The "illusion" of progression is one of the biggest blind spots in MMO design, and it's amazing how often people treat levels as this sacred cow when, in reality, they're mostly a holdover from tabletop systems that never adapted well to a persistent online world. Levels don't actually give players depth, they just lock them out of content, fragment the population, and create friction that designers then have to solve with band-aid mechanics like scaling, mentoring, or endless catch-up systems.
What players actually care about isn't the number next to their name, it's the feeling of getting stronger, more capable, and more versatile. Unlocking new tools, new abilities, and new ways to interact with the world is meaningful. Watching your arbitrary "XP bar" inch toward a ding so you can swap out killing orcs for killing gnolls? That's just maintenance. It doesn't even feel like growth anymore now that the novelty of these worlds/games has worn off, it feels like you're just being herded along the dev "intended" routes.
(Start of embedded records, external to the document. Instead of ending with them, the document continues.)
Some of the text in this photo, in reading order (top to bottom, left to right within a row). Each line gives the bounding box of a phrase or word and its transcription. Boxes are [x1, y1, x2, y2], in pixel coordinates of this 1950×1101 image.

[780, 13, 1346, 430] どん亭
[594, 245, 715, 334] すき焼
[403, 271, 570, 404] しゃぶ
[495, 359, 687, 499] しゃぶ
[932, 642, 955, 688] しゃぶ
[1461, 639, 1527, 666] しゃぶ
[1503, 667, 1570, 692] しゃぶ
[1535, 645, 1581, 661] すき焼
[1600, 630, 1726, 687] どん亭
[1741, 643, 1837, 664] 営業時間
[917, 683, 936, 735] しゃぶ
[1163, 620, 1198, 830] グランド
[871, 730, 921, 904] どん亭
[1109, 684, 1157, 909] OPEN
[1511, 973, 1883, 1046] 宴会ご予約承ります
Clinging to rigid levels in 2025 feels so backwards. A modern MMO that wants to lean into community should be looking for ways to bring players together. Letting a day-one player and a day-100 player share meaningful gameplay without one of them feeling useless or carried. The obsession with vertical progression does the opposite. It creates walls, divides the player base, and forces the devs to design convoluted workarounds just to let people play together.
It's not that levels are inherently evil; they can still work as shorthand for where a player is in their personal unlock path. But once you make those numbers dictate who can and can't play together, you've turned progression into a social barrier. And for a game supposedly about community, that's the most self-defeating design choice you could make.